A la poursuite de l’aventure

https://ipfs.busy.org/ipfs/QmNzfJWsWQ7dLHvXcV6YgYcxZ8NrwWwhgB3av8CQbGYMJf

Fin des années 80, peut-être début des années 90 a progressivement disparue une activité particulièrement intéressante pour les aventuriers en herbe désargentés que nous étions. Ni secrète ni hors la loi, il s’agissait seulement d’acheter une veille voiture en Europe pour aller la revendre en Afrique. Le gain permettait plus ou moins de payer les frais du voyage et le retour.

* * * * *

La genèse d’un projet

C’est lors d’une soirée étudiante, occupation d’importance pour un étudiant responsable conscient que l’important pour son futur c’est son carnet d’adresse, que quelqu’un a évoqué ce principe.

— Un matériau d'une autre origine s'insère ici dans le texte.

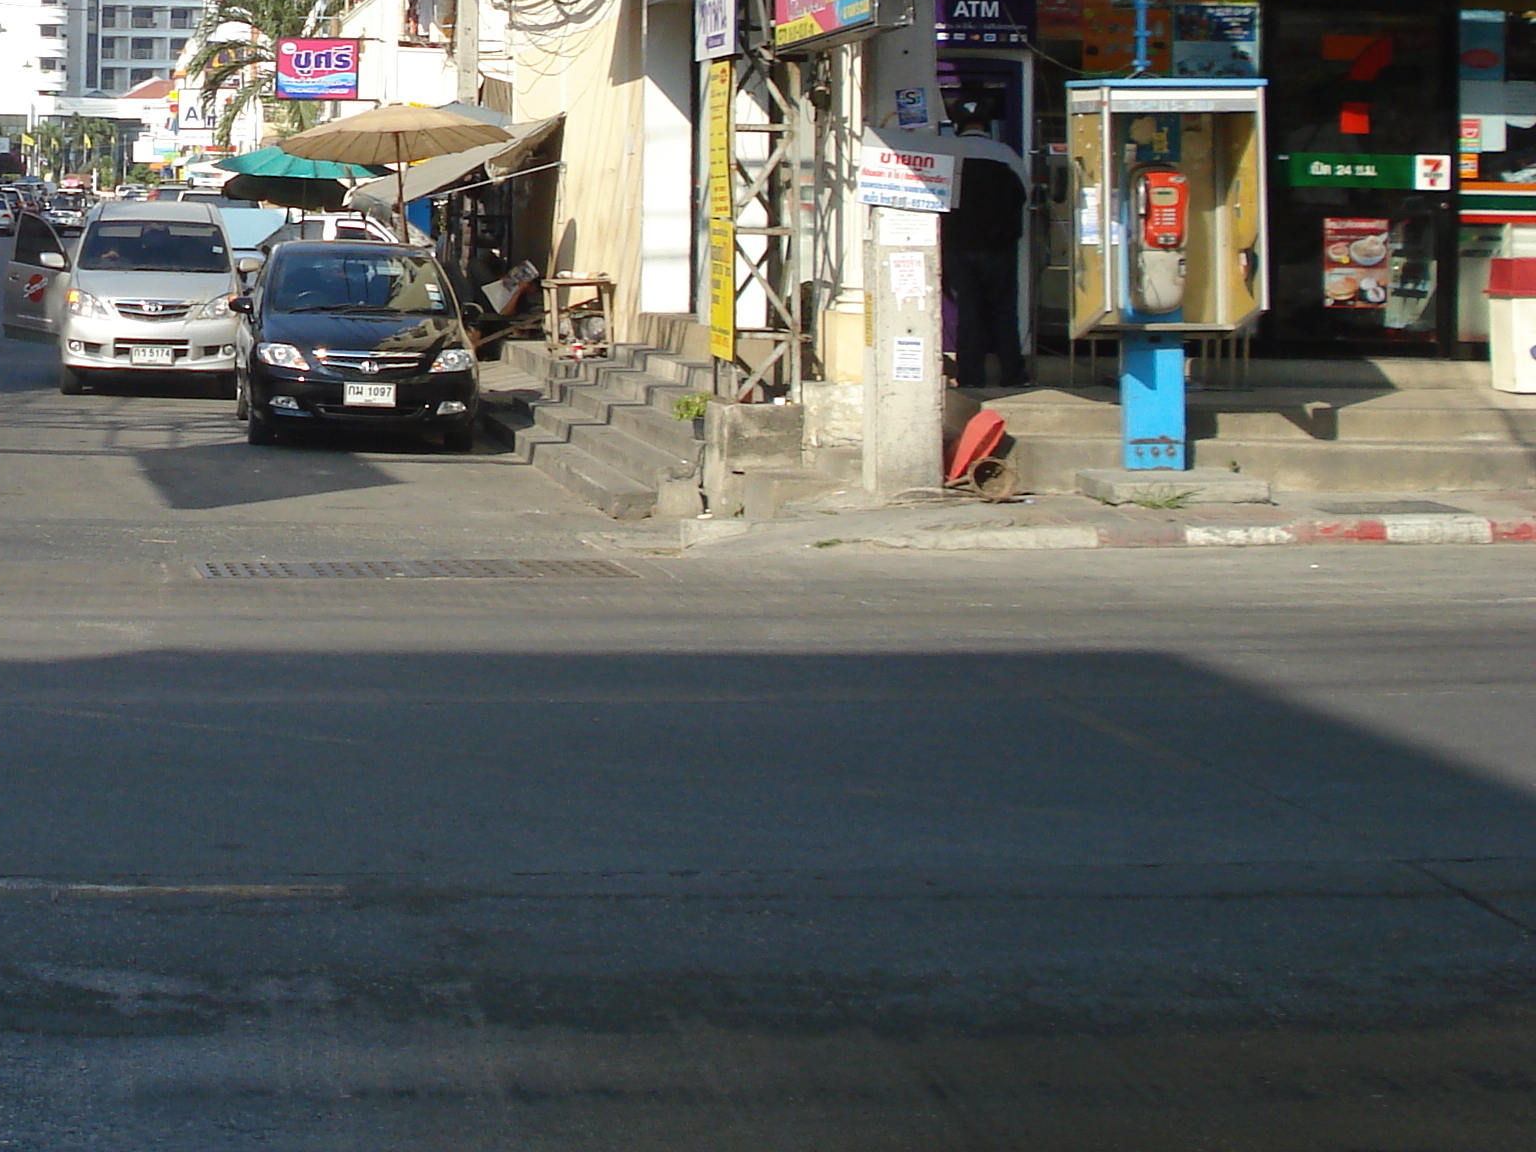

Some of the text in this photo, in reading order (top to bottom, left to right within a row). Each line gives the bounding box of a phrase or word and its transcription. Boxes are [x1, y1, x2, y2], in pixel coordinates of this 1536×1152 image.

Avait-il vu un reportage, connu quelqu’un qui l’avait fait ? Je ne m’en souviens plus. Ce dont je me souviens c’est que ce n’était pas tombé dans l’oreille d’un sourd.

Pascal était, comme moi, en quête d’ailleurs. Etudiant brillant, champion universitaire de natation, il n’en tirait aucune vanité. Il aimait faire les choses pas sans vanter. Il ne refusait jamais une nouvelle activité quand elle se présentait à lui et pouvait sacrifier son temps et son plaisir pour la vivre. Aussitôt évoquée, cette occasion unique d’un voyage gratuit faisait partie de notre futur. Deux autres étaient avec nous sur la ligne de départ ils n’ont pas passé l’épreuve du temps, ils se sont essoufflés rapidement.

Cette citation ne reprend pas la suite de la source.